Alsuwaidi & Company

UAE commercial law

Alsuwaidi & Company Secures Full Dismissal of AED 141.5 Million Claim

In a high-value share dispute before the Dubai Court of First Instance, our team secured a landmark judgment for our Clients. The Court dismissed a claim of AED 141.5 million in its entirety, ordered all costs against the Plaintiff, and upheld every ground of defence put forward by our team.

BACKGROUND

In 2013, the Plaintiff and Defendant No. 2 agreed to establish a company (our Client Company) operating in maritime services, including vessel leasing, customs clearance, cargo handling, and maritime agency services. The Plaintiff was to manage the company given his technical and administrative expertise, with a duration of 10 years and a capital of AED 300,000. Since UAE law at the time required a UAE national shareholder for a limited liability company, our Client No. 2 was nominated as the local partner, holding shares on behalf of Defendant No. 2.

THE DISPUTE

Defendant No. 2 later proposed dissolving the partnership in our Client Company while retaining joint ventures in other overseas companies.
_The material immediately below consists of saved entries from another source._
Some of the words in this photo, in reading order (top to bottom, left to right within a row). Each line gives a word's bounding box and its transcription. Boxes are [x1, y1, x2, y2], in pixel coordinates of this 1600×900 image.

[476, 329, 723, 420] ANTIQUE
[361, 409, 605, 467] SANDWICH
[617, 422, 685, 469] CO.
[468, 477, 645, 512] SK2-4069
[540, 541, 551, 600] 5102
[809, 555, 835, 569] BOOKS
In mid-2022, both parties engaged an auditing firm to audit the company’s financial records and assess each partner’s entitlements. A memorandum of understanding was signed, covering the valuation of seven jointly owned vessels and specifying what each party would retain, with Defendant No. 2 agreeing to pay the Plaintiff USD 11.15 million, receipt of which the Plaintiff later acknowledged before the court-appointed expert committee.
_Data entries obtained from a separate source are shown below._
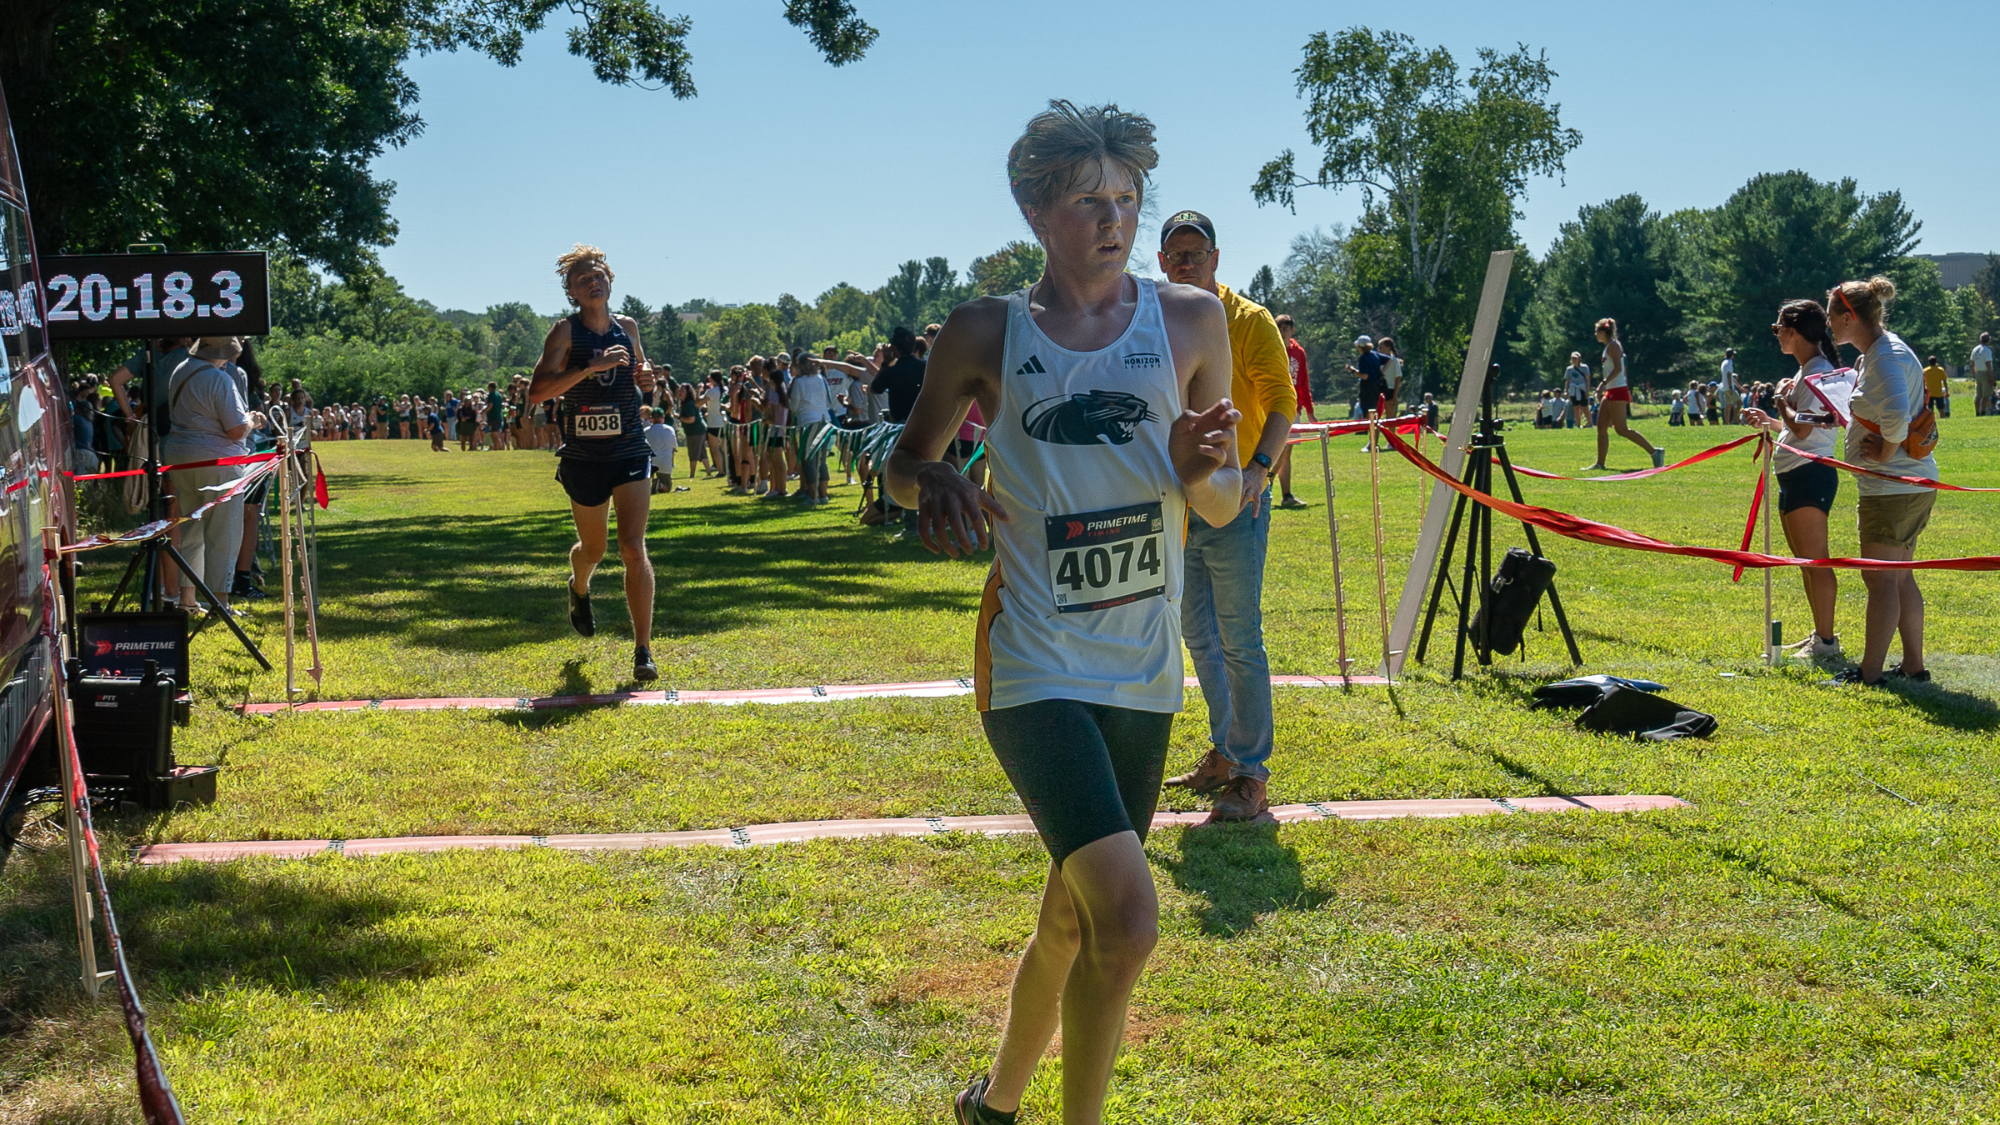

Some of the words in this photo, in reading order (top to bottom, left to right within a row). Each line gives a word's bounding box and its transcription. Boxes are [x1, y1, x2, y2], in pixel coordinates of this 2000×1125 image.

[47, 270, 244, 322] 20:18.3
[1124, 357, 1160, 365] HORIZON
[578, 415, 619, 431] 4038
[1087, 513, 1148, 531] PRIMETIME
[1087, 528, 1121, 538] TIMING
[1056, 537, 1161, 591] 4074
[115, 641, 175, 650] PRIMETIME
In late 2022, the Plaintiff executed a notarised share sale agreement transferring his shares in our Client Company to Defendants No. 2, No. 3, and the Intervening Party for a total consideration of AED 100,001, with his signature on the contract constituting acknowledgement of full receipt of the purchase price.
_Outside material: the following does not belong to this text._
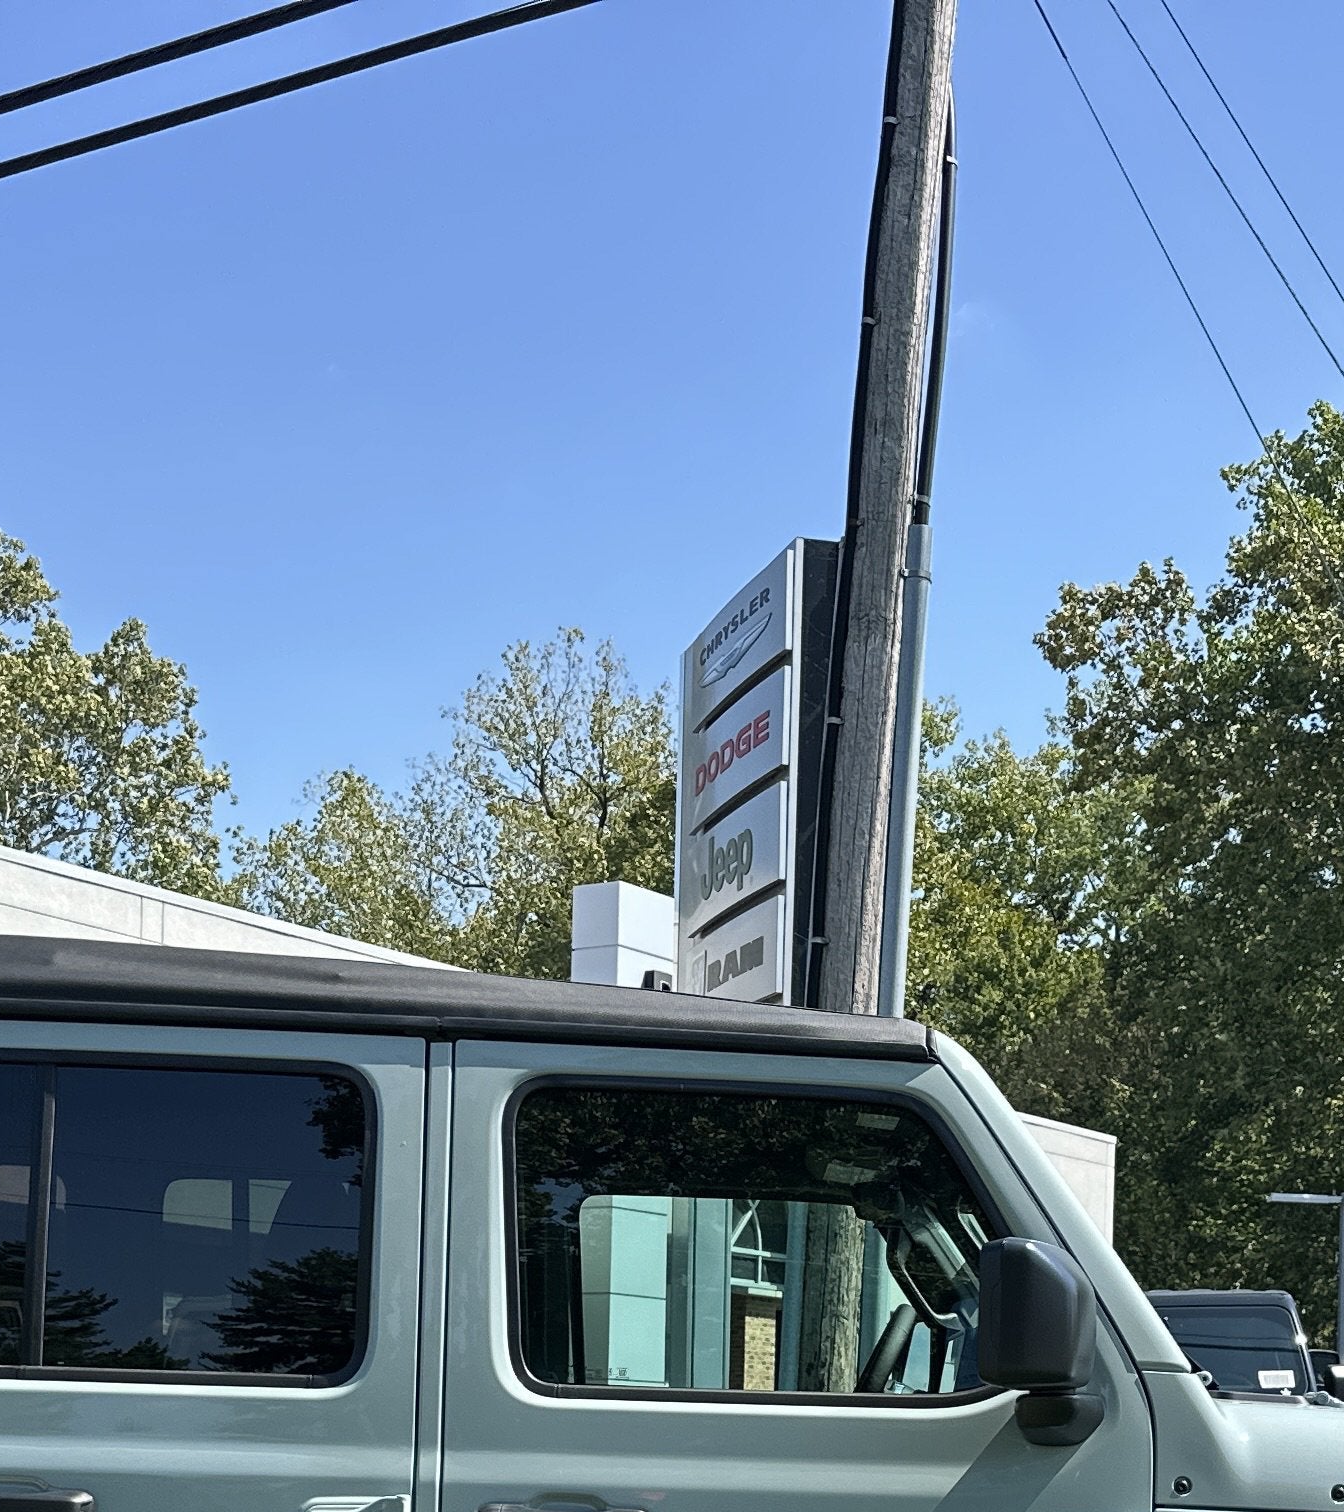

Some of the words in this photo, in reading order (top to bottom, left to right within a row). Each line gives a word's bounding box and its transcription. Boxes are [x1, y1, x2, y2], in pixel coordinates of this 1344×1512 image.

The Plaintiff subsequently alleged that the sale contract was fictitious, claiming that the true agreement was that payment would follow a full valuation process, and sought judgment against all Defendants jointly for AED 141.5 million, representing his assessed share value in the company.

However, the evidence told a different story:

  • The Plaintiff signed a formally authenticated deed before a notary expressly acknowledging receipt of the full purchase price.
  • He separately admitted under oath before a court-appointed expert committee that he had received USD 11.15 million under a prior memorandum of understanding.

OUR DEFENCE STRATEGY

Our litigation team advanced a three-layered defence:

  1. Standing Objection

Neither our Client Company nor its shareholder (our Client No. 2) was a party to the share sale agreement. We argued that the claim was wrongly directed against them. The Court agreed and dismissed the case against our Clients for lack of locus standi.

  1. Limitation Defence

The claim was filed outside the applicable prescription period under UAE law, providing an independent basis for dismissal.

  1. Merits Defence

UAE commercial law requires written counter-evidence to challenge a notarised partnership deed. The Plaintiff produced none. His own admissions before the notary and before the expert committee conclusively established that full consideration had been received.

COURT RULING

  • The claim was dismissed in full against the Clients.
  • All three defence grounds were upheld by the Court.
  • Full court costs and lawyers’ fees were awarded against the Plaintiff.

The matter was handled by Reda Hegazy, Partner and Head of the Litigation Practice Group at Alsuwaidi & Company.